▼
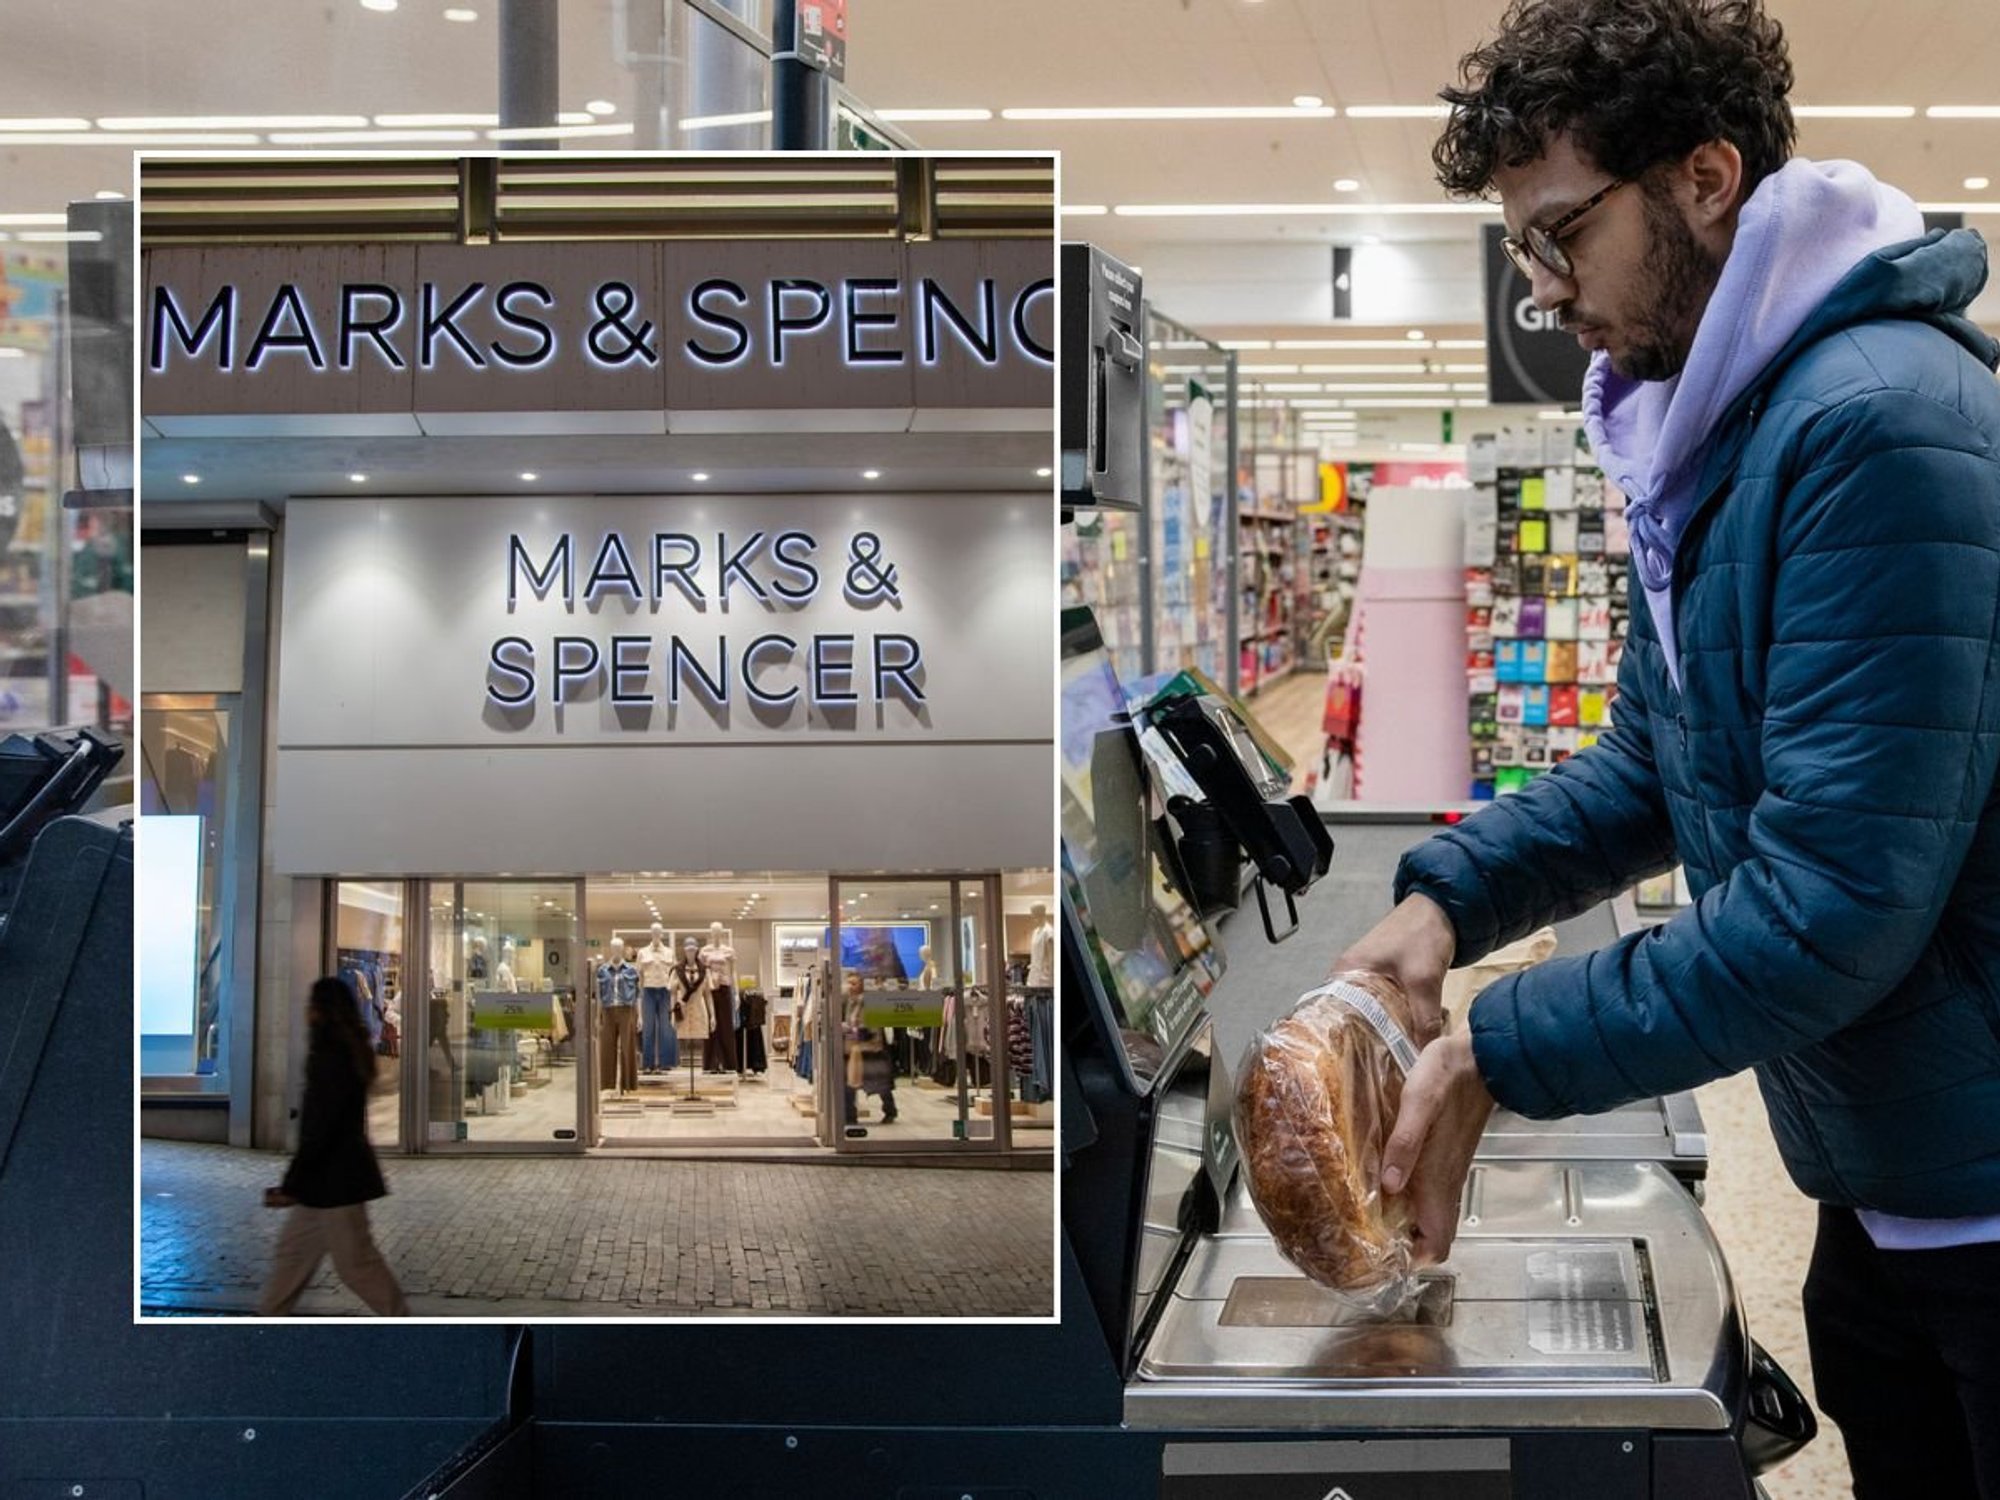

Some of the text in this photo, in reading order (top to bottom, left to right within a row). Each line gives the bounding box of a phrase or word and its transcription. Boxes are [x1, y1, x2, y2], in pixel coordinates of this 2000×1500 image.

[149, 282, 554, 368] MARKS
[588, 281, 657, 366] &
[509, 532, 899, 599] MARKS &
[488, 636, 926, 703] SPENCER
▲
Instructions for the task
Print each of the records above exactly as written, leaving no picture in the copy.

Solution
Some of the text in this photo, in reading order (top to bottom, left to right within a row). Each line gives the bounding box of a phrase or word and its transcription. Boxes are [x1, y1, x2, y2], in pixel coordinates of this 2000×1500 image.

[149, 282, 554, 368] MARKS
[588, 281, 657, 366] &
[509, 532, 899, 599] MARKS &
[488, 636, 926, 703] SPENCER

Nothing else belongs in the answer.